1.5 GPa Grade High-Strength Steel Sheet Flattening by Roll Gap Adjustment Considering Pattern Roll Effects.

Abstract

This study analyzes a three-stage roll flattening process to improve the flatness of 1.5 GPa grade AHSS sheets. Unlike conventional leveler rolls, which mainly relieve residual stress through longitudinal tension-compression, the second roll has a sloped pattern to induce transverse deformation and redistribute local residual stresses. A twisted sheet was processed under different roll gap settings (1.3 mm, 1.1 mm, 0.9 mm, and 0.7 mm), and experimental measurements were compared with Abaqus Explicit simulations. At a 1.1 mm gap, the RMSE between experiment and simulation is 0.22 mm, showing the highest agreement. Both twist and crossbow defects are reduced by over 80%, achieving optimal flattening. At 1.3 mm, the simulation overestimates the second roll's effect, causing excessive localized deformation. Reducing the gap to 0.9 mm or 0.7 mm increases discrepancies due to roll fixation differences.

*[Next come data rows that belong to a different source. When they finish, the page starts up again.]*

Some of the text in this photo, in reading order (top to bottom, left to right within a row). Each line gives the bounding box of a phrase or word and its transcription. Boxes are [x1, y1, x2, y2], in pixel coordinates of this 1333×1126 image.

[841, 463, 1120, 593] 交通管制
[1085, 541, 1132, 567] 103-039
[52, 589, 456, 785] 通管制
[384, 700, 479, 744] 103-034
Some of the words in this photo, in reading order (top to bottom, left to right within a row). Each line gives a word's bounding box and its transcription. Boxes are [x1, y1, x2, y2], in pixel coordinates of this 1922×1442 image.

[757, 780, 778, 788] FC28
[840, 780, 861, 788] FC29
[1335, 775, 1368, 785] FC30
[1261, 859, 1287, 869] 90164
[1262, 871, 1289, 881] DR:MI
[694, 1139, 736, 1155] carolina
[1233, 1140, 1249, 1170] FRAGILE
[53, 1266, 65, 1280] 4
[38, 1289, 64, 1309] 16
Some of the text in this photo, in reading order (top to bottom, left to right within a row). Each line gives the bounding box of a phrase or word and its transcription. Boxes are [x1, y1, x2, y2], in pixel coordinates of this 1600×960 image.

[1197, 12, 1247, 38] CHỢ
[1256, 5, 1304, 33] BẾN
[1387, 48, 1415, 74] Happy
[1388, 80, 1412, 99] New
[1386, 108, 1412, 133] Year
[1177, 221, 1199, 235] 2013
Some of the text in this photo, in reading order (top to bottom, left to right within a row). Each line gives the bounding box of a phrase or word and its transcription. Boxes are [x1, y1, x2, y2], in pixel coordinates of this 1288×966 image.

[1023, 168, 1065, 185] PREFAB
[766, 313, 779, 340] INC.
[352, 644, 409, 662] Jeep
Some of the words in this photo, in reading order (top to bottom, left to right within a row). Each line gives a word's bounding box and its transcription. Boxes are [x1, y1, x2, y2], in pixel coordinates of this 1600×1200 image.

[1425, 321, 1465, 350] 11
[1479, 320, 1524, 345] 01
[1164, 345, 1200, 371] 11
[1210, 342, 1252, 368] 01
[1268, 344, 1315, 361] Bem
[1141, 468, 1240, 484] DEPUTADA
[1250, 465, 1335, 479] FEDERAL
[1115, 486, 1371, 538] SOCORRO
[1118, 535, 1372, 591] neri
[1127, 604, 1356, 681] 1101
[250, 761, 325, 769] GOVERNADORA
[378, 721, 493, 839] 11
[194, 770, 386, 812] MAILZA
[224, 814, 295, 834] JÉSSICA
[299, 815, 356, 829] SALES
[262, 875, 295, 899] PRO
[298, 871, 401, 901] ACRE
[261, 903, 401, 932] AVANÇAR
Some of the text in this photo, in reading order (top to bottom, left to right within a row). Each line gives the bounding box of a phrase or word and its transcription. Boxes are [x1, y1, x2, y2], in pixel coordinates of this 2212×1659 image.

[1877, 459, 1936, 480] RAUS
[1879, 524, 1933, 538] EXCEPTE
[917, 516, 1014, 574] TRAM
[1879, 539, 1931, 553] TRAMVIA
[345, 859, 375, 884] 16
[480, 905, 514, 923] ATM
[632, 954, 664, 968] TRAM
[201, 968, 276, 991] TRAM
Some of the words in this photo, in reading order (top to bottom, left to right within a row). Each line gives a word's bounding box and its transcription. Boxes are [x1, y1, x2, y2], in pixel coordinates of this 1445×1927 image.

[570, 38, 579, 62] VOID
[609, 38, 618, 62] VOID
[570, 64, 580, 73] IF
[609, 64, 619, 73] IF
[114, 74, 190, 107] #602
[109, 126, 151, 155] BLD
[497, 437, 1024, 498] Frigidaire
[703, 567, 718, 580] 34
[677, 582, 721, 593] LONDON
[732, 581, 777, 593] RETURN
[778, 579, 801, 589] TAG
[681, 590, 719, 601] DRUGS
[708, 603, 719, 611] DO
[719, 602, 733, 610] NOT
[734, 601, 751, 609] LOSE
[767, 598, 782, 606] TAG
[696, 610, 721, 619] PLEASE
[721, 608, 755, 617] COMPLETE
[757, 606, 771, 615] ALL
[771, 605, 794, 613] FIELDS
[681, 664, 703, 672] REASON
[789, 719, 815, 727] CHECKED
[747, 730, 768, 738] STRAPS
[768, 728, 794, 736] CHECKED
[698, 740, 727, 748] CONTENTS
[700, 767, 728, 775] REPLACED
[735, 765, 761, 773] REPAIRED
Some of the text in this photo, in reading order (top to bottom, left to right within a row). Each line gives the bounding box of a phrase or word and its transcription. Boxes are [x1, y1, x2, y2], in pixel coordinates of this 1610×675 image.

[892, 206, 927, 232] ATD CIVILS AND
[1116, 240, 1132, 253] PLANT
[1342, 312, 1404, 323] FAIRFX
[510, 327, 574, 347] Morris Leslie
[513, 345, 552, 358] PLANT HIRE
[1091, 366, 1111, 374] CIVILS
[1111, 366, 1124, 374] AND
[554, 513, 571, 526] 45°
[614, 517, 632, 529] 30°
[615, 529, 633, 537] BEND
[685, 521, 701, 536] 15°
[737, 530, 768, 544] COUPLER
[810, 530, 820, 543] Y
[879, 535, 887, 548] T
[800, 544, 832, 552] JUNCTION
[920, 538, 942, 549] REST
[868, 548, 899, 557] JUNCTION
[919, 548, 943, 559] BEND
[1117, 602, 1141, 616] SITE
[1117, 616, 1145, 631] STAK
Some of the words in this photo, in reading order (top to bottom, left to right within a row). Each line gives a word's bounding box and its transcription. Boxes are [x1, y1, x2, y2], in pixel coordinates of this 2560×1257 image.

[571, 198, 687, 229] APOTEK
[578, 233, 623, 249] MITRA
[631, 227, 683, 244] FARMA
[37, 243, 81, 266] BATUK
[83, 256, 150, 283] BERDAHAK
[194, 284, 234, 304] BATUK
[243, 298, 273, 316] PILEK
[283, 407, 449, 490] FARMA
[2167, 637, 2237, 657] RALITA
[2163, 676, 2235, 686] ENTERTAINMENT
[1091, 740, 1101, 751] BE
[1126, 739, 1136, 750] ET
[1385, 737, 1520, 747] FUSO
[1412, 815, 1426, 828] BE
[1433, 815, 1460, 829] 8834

Experiments allow more central bending, amplifying crossbow, while simulations assume rigid rolls, underestimating curvature. Adjusting the second roll's geometry to enhance transverse tension-compression and setting the gap to 1.1 mm effectively reduces defects. This method improves flatness while minimizing the number of rolls needed in high-strength steel sheet production.